What is needed is a copy of each line in the listing below that contains "word".

##### Records shown #####

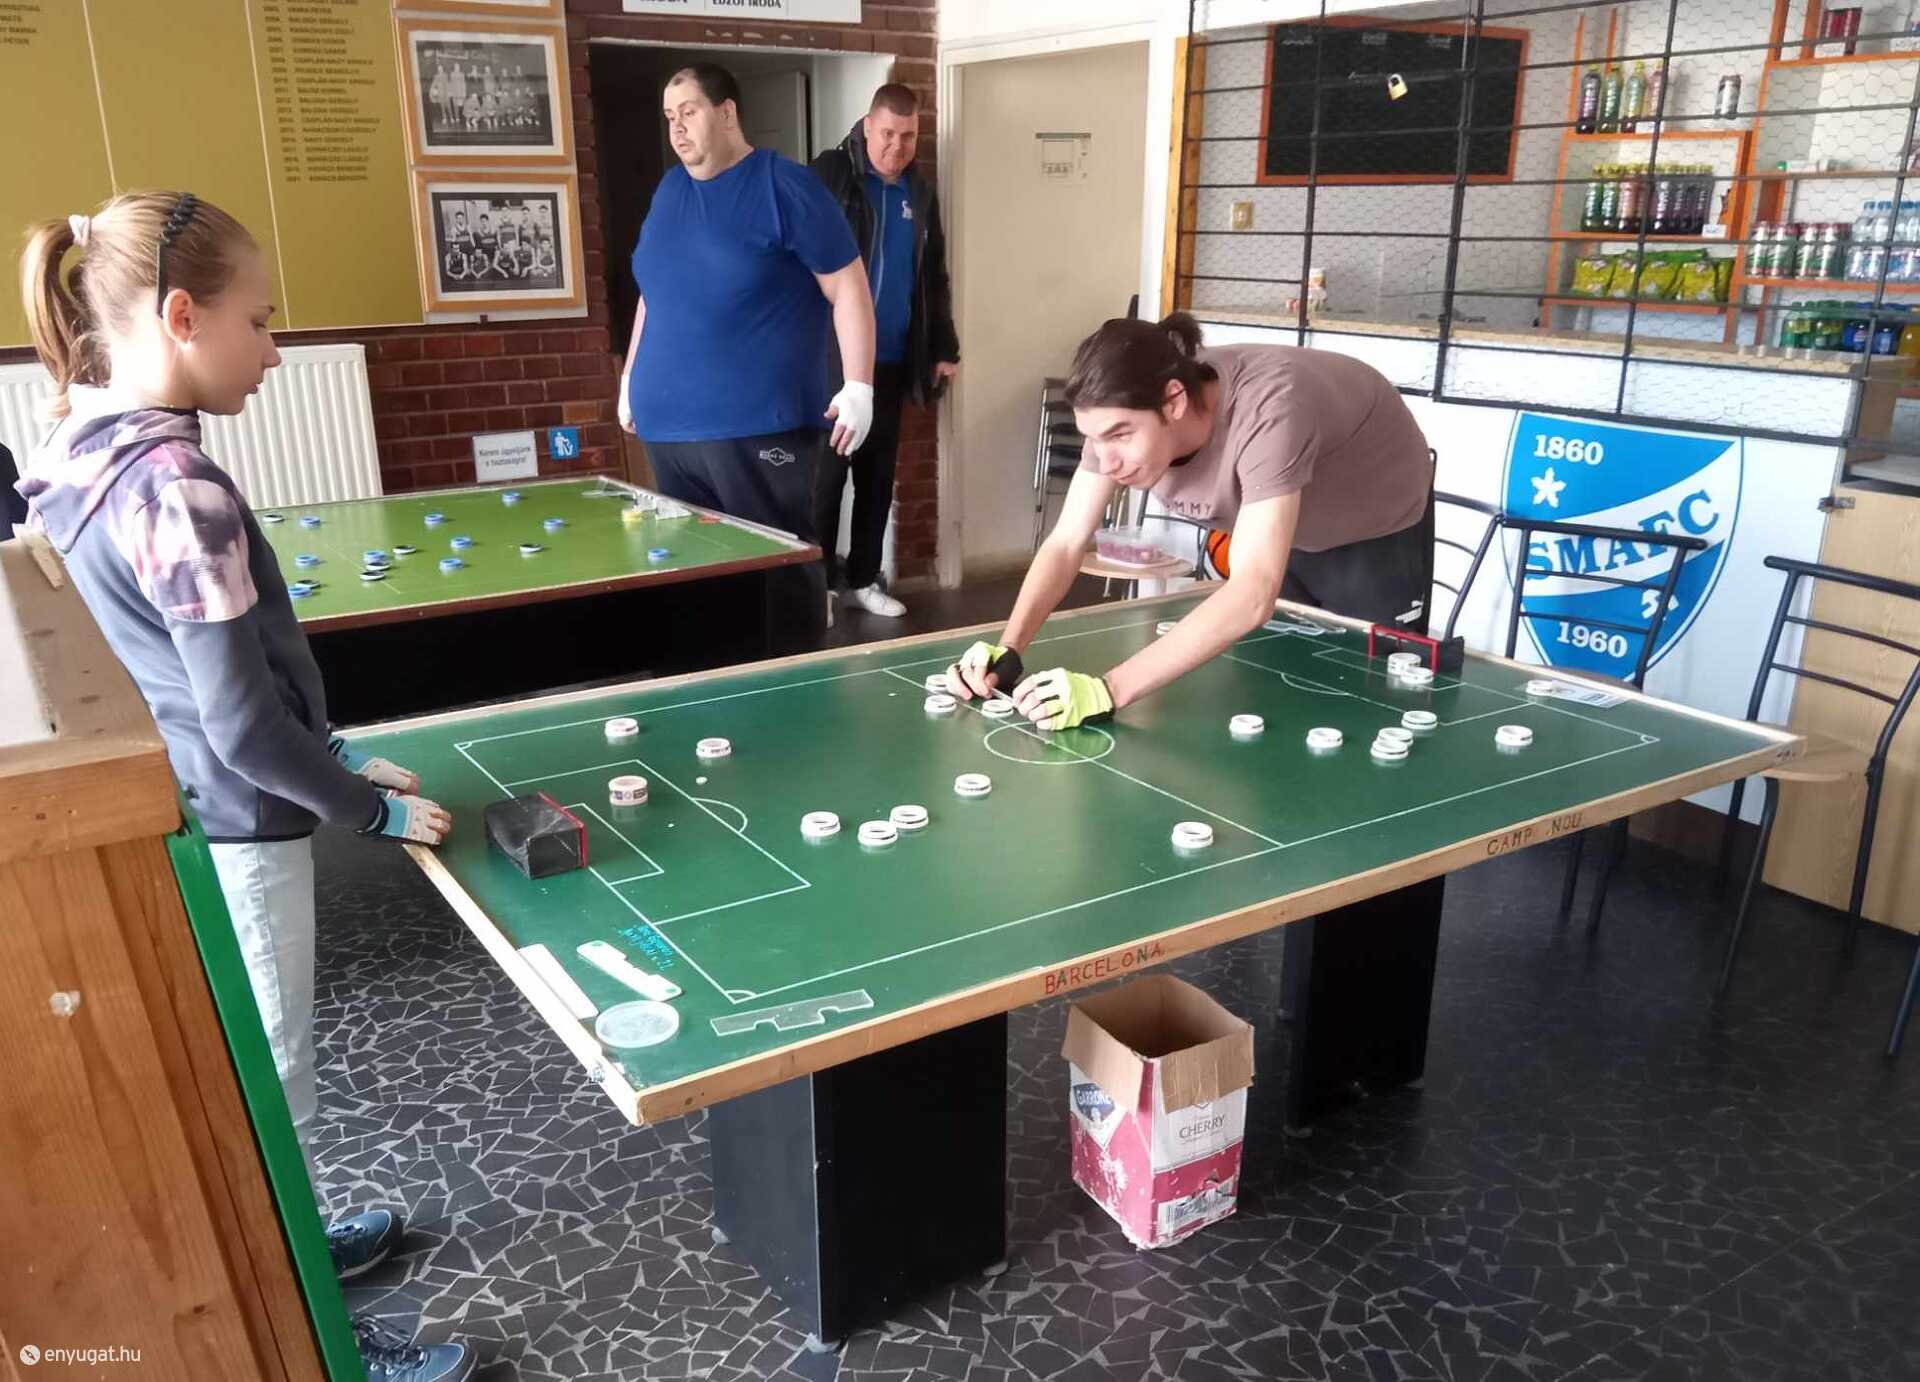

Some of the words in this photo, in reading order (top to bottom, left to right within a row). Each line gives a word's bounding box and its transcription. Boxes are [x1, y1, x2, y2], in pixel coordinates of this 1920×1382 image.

[1533, 434, 1604, 466] 1860
[1556, 622, 1629, 659] 1960
[1487, 827, 1533, 856] CAMP
[1044, 941, 1163, 995] BARCELONA
[1179, 1114, 1226, 1140] CHERRY
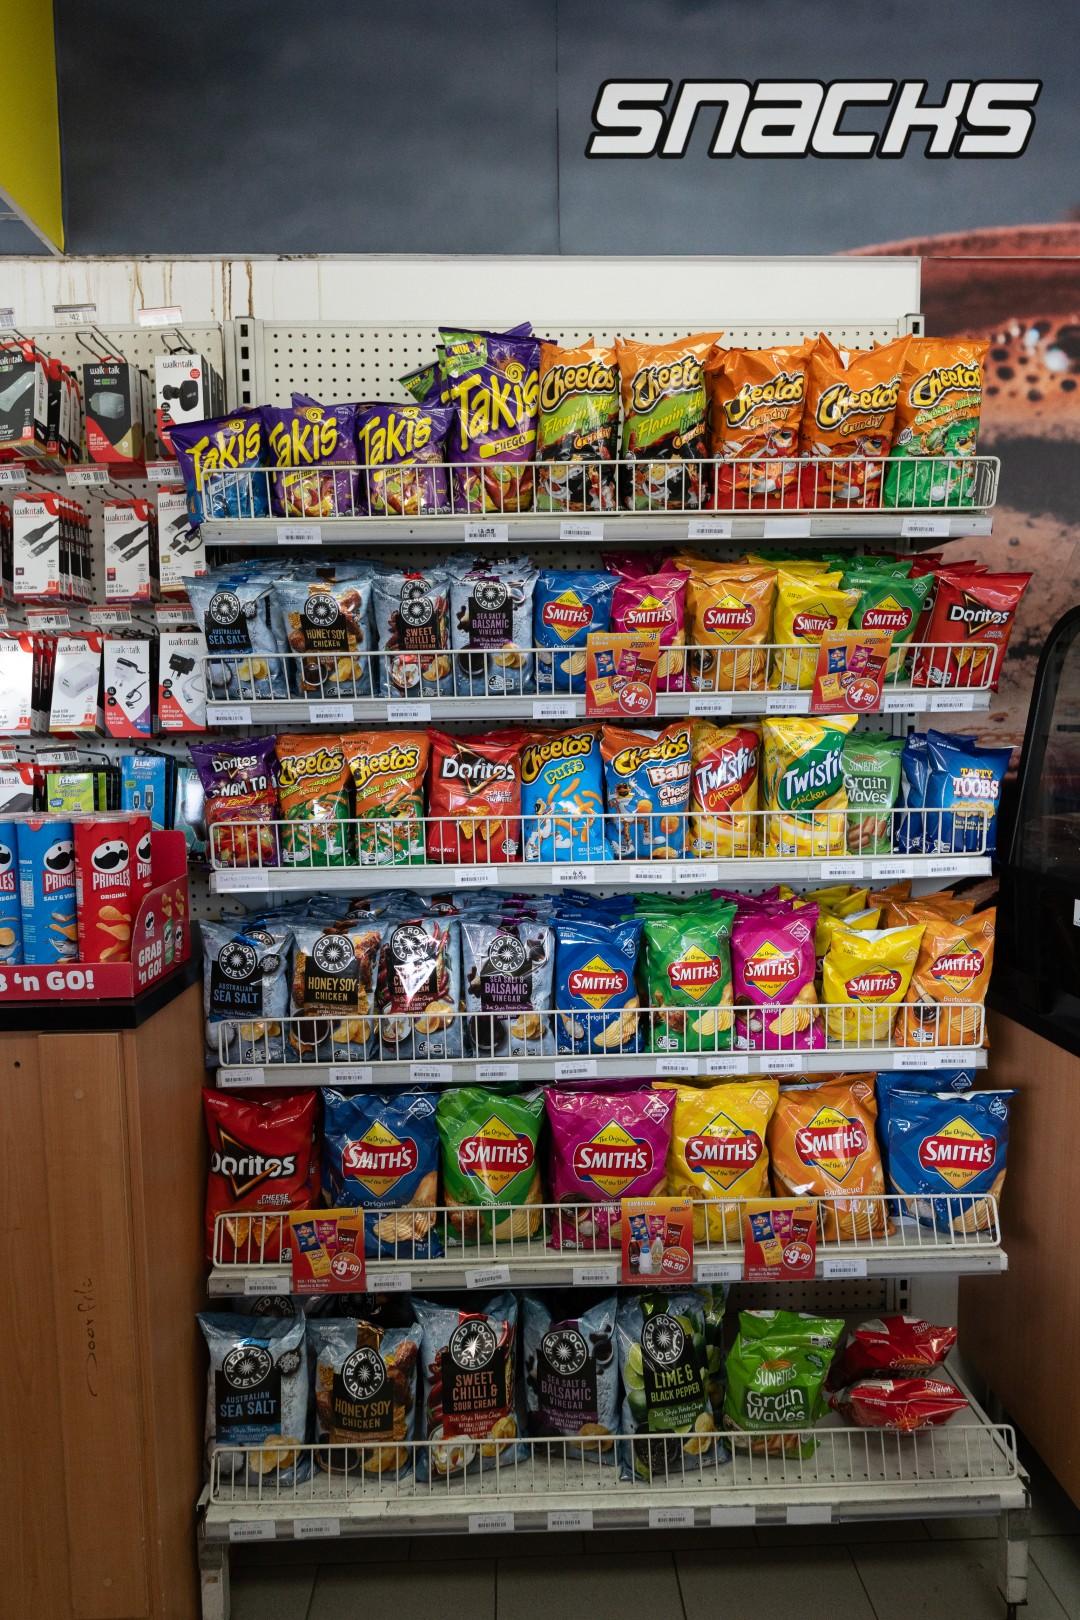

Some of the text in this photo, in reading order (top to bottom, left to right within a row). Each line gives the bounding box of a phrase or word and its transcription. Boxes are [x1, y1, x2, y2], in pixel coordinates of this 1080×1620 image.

[89, 366, 120, 375] walkntalk
[162, 359, 193, 368] walkntalk
[541, 360, 616, 412] Cheetos
[815, 378, 900, 430] Cheetos
[839, 415, 885, 436] Crunchy
[493, 434, 526, 454] FUEGO
[14, 507, 45, 516] walkntalk
[159, 499, 188, 508] walkntal
[105, 514, 135, 522] walkntalk
[477, 580, 506, 609] RED ROCK DELI
[307, 596, 339, 625] RED ROCK DELI
[545, 604, 589, 622] SMITH'S
[626, 607, 673, 624] SMITH'S
[705, 609, 753, 625] SMITH'S
[864, 611, 909, 626] SMITH'S
[950, 605, 1010, 624] Doritos
[405, 626, 433, 637] SWEET
[472, 619, 509, 629] BALSAMIC
[795, 617, 834, 631] SMITH'S
[168, 638, 199, 646] walkntalk
[209, 634, 248, 645] SEA SALT
[306, 629, 346, 639] HONEY SOY
[404, 636, 430, 644] CHILLI
[622, 690, 649, 707] $4.50
[848, 686, 875, 703] $4.50
[212, 754, 258, 773] Doritos
[521, 733, 594, 784] Cheetos
[612, 732, 690, 777] Cheetos
[279, 747, 346, 787] Cheetos
[349, 745, 420, 791] Cheetos
[442, 758, 516, 779] Doritos
[544, 758, 585, 785] Puffs
[960, 768, 993, 779] TASTY
[844, 774, 887, 790] Grain
[952, 778, 1000, 799] TOOBS
[708, 783, 741, 808] Cheese
[790, 790, 828, 810] Chicken
[846, 789, 888, 804] Waves
[92, 869, 130, 890] PRINGLES
[100, 892, 128, 900] ORIGINAL
[138, 940, 162, 969] GRAB
[316, 936, 352, 971] RED ROCK DELI
[492, 938, 524, 972] RED ROCK DELI
[147, 959, 162, 980] GO!
[671, 962, 719, 981] SMITH'S
[745, 960, 795, 977] SMITH'S
[932, 956, 982, 971] SMITH'S
[14, 969, 95, 992] 'n GO!
[219, 983, 253, 991] AUSTRALIAN
[308, 977, 358, 991] HONEY SOY
[484, 983, 528, 994] BALSAMIC
[571, 973, 624, 990] SMITH'S
[848, 975, 898, 991] SMITH'S
[213, 990, 259, 1004] SEA SALT
[315, 991, 348, 1001] CHICKEN
[824, 1118, 845, 1126] Original
[491, 1129, 511, 1138] Original
[598, 1135, 629, 1144] The Original
[800, 1129, 862, 1154] SMITH'S
[953, 1129, 975, 1139] Original
[345, 1145, 412, 1169] SMITH'S
[464, 1141, 528, 1164] SMITH'S
[579, 1147, 648, 1169] SMITH'S
[688, 1140, 757, 1161] SMITH'S
[924, 1140, 993, 1163] SMITH'S
[662, 1258, 684, 1271] $8.50
[784, 1250, 811, 1264] $9.00
[332, 1260, 360, 1275] $9.00
[454, 1322, 494, 1368] RED ROCK DELI
[646, 1317, 681, 1362] RED ROCK DELI
[546, 1332, 585, 1372] RED ROCK DELI
[226, 1349, 269, 1386] RED ROCK DELI
[345, 1352, 384, 1397] RED ROCK DELI
[654, 1363, 694, 1389] LIME &
[754, 1364, 797, 1387] SUNBITES
[455, 1371, 495, 1386] SWEET
[547, 1375, 560, 1386] SEA
[562, 1379, 580, 1388] SALT
[226, 1391, 270, 1403] AUSTRALIAN
[452, 1383, 498, 1401] CHILLI &
[541, 1379, 592, 1400] BALSAMIC
[650, 1381, 701, 1402] BLACK PEPPER
[334, 1398, 392, 1417] HONEY SOY
[453, 1399, 497, 1411] SOUR CREAM
[550, 1397, 584, 1409] VINEGAR
[747, 1388, 804, 1410] Grain
[220, 1400, 276, 1418] SEA SALT
[747, 1404, 806, 1423] Waves
[342, 1416, 381, 1427] CHICKEN

#####

Solution to this task:
Some of the words in this photo, in reading order (top to bottom, left to right within a row). Each line gives a word's bounding box and its transcription. Boxes are [x1, y1, x2, y2], in pixel coordinates of this 1920×1382 image.
Some of the text in this photo, in reading order (top to bottom, left to right within a row). Each line gives the bounding box of a phrase or word and its transcription. Boxes are [x1, y1, x2, y2], in pixel coordinates of this 1080×1620 image.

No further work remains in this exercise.